>>>

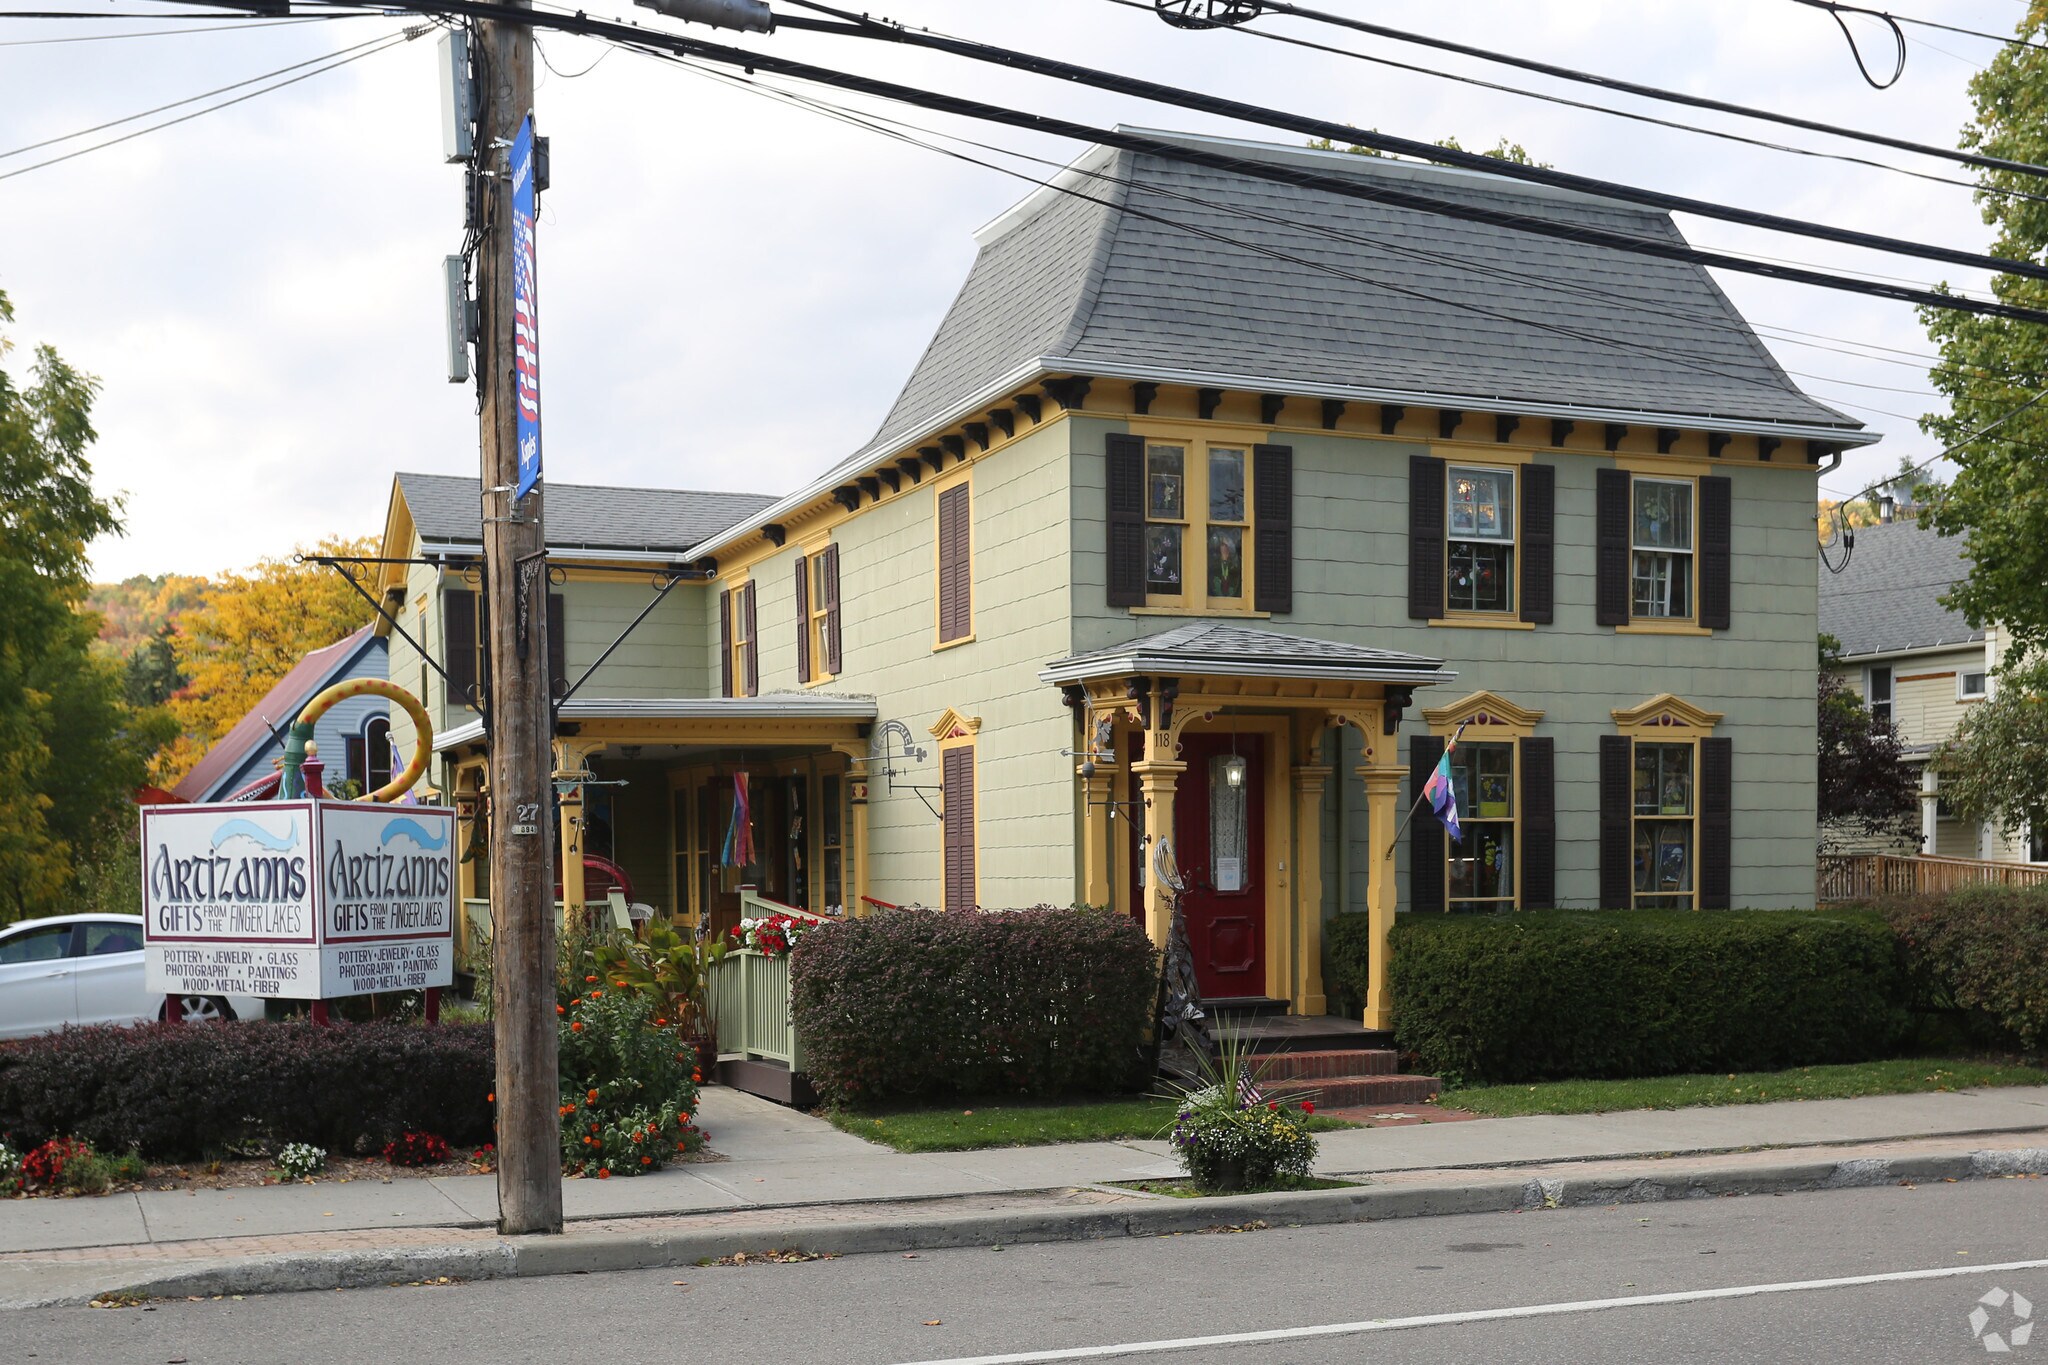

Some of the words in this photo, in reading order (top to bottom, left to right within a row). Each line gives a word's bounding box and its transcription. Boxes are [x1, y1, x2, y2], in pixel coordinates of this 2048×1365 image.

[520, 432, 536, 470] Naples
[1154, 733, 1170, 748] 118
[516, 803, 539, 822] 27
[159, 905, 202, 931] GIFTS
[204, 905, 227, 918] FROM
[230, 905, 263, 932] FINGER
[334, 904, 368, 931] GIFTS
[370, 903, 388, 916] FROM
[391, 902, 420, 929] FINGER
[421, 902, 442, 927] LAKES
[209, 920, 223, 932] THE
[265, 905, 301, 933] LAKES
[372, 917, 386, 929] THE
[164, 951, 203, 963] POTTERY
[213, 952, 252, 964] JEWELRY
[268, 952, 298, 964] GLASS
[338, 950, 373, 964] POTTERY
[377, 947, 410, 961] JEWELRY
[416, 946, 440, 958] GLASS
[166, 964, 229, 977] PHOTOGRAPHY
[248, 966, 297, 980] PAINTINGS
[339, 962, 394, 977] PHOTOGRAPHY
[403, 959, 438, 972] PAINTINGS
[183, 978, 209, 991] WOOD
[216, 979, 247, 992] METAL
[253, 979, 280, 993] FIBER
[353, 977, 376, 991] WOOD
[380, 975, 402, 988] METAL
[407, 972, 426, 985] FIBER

<<<
>>>

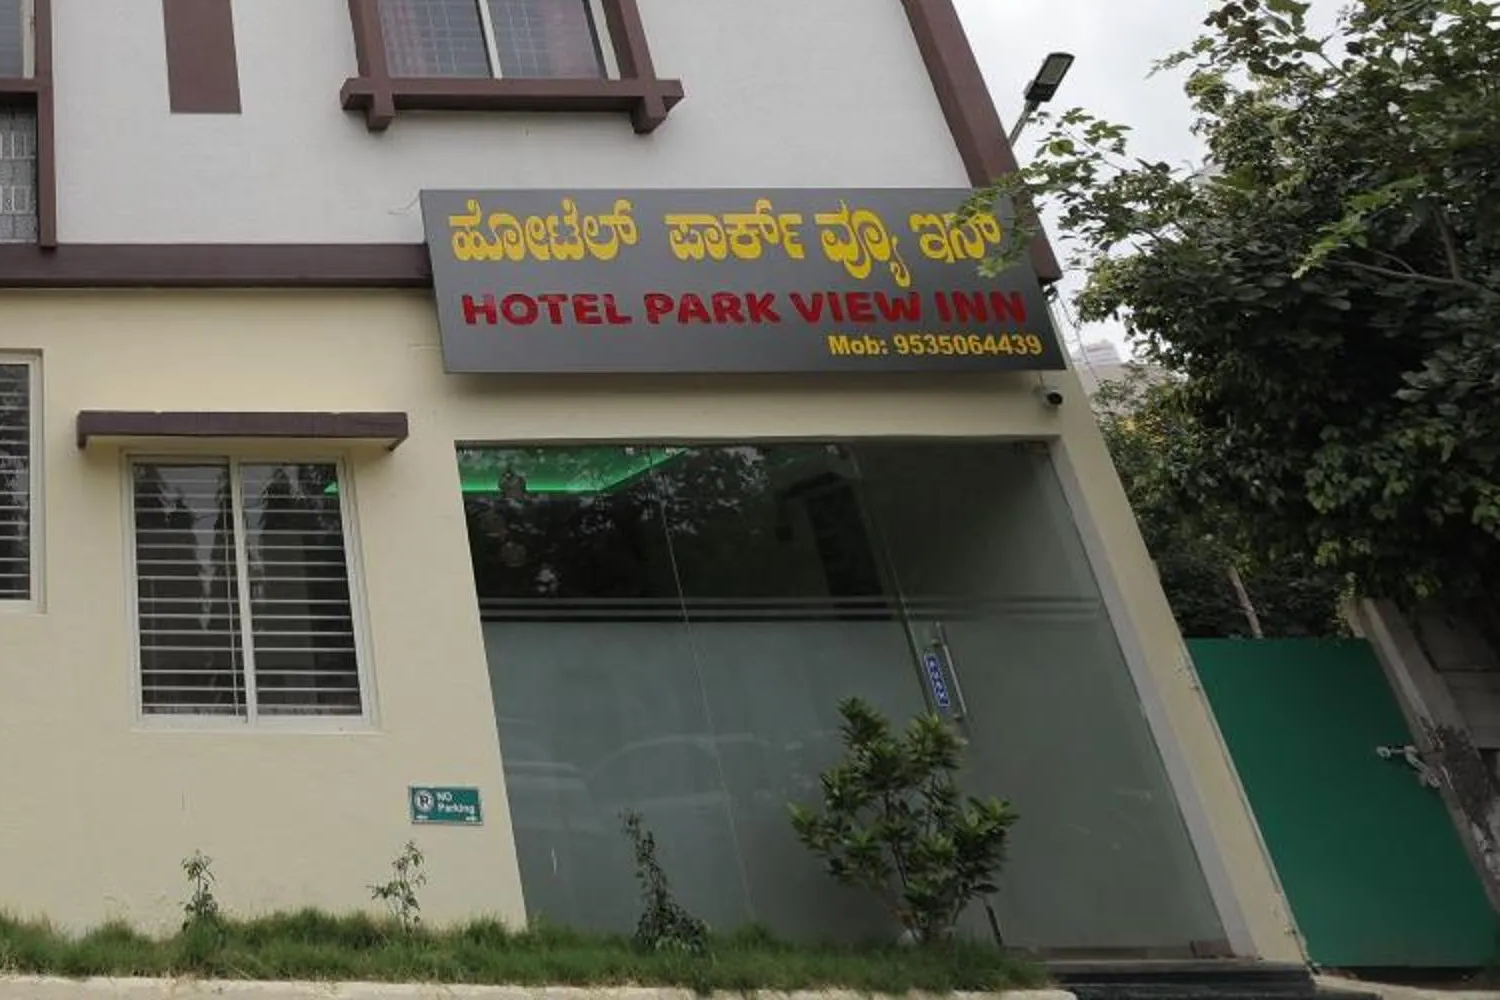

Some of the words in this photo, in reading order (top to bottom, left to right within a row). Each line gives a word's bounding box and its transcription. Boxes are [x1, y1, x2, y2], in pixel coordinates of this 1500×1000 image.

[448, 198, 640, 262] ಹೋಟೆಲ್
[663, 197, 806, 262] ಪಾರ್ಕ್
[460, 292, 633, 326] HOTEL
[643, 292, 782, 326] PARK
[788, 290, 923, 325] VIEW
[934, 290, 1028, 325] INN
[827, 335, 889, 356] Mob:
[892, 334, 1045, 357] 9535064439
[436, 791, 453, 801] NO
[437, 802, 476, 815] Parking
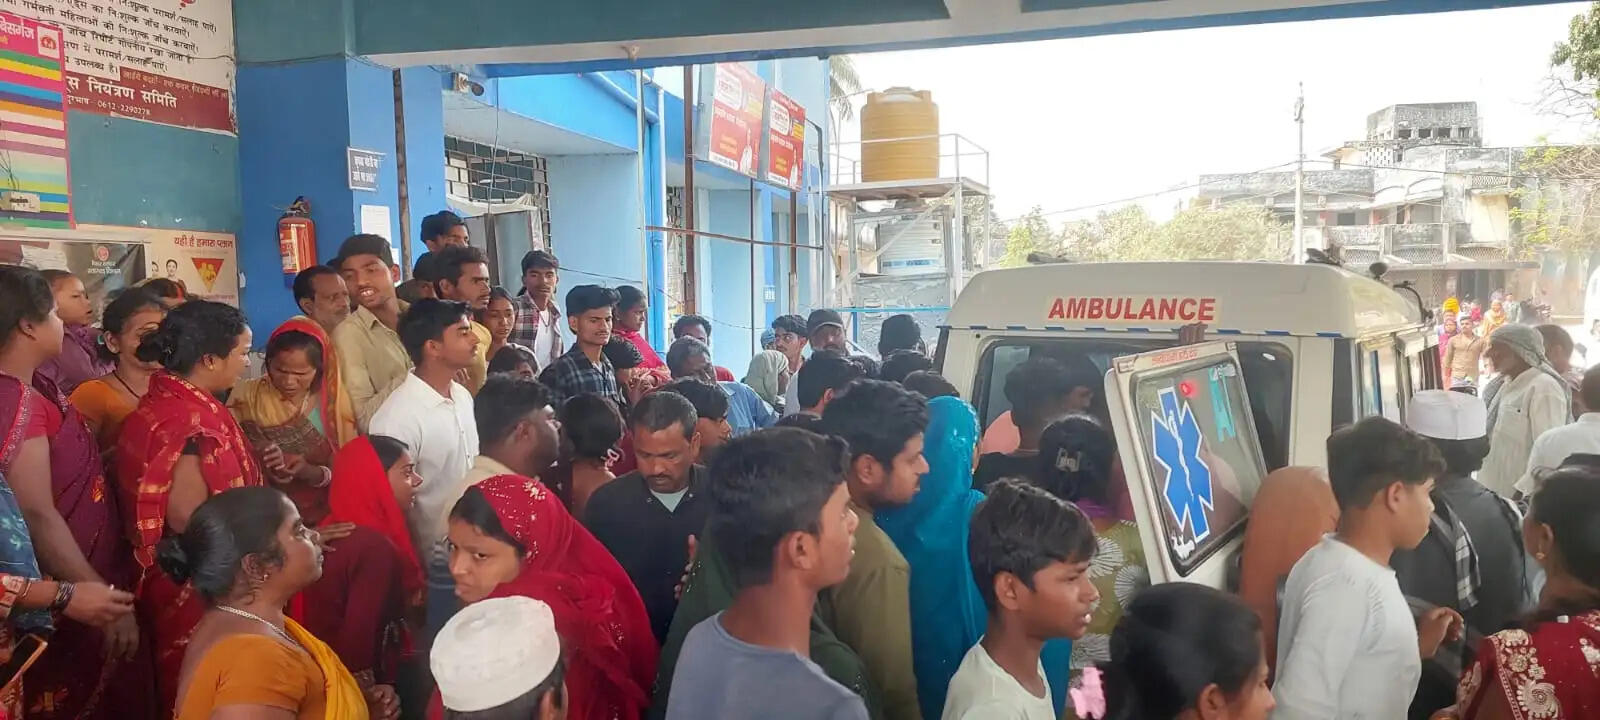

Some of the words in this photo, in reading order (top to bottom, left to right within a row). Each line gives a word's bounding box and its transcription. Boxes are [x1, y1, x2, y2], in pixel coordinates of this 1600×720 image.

<<<

Work to be completed:
Your copy should hold the lines from the one with "this 1500×1000 image." up to and including the one with "this 1600×720 image.", exactly as in the data above, and no pictures.

Response area:
Some of the words in this photo, in reading order (top to bottom, left to right within a row). Each line gives a word's bounding box and its transcription. Boxes are [x1, y1, x2, y2], in pixel coordinates of this 1500×1000 image.

[448, 198, 640, 262] ಹೋಟೆಲ್
[663, 197, 806, 262] ಪಾರ್ಕ್
[460, 292, 633, 326] HOTEL
[643, 292, 782, 326] PARK
[788, 290, 923, 325] VIEW
[934, 290, 1028, 325] INN
[827, 335, 889, 356] Mob:
[892, 334, 1045, 357] 9535064439
[436, 791, 453, 801] NO
[437, 802, 476, 815] Parking

Some of the words in this photo, in reading order (top to bottom, left to right within a row). Each line gives a word's bounding box and its transcription. Boxes are [x1, y1, x2, y2], in pixel coordinates of this 1600×720 image.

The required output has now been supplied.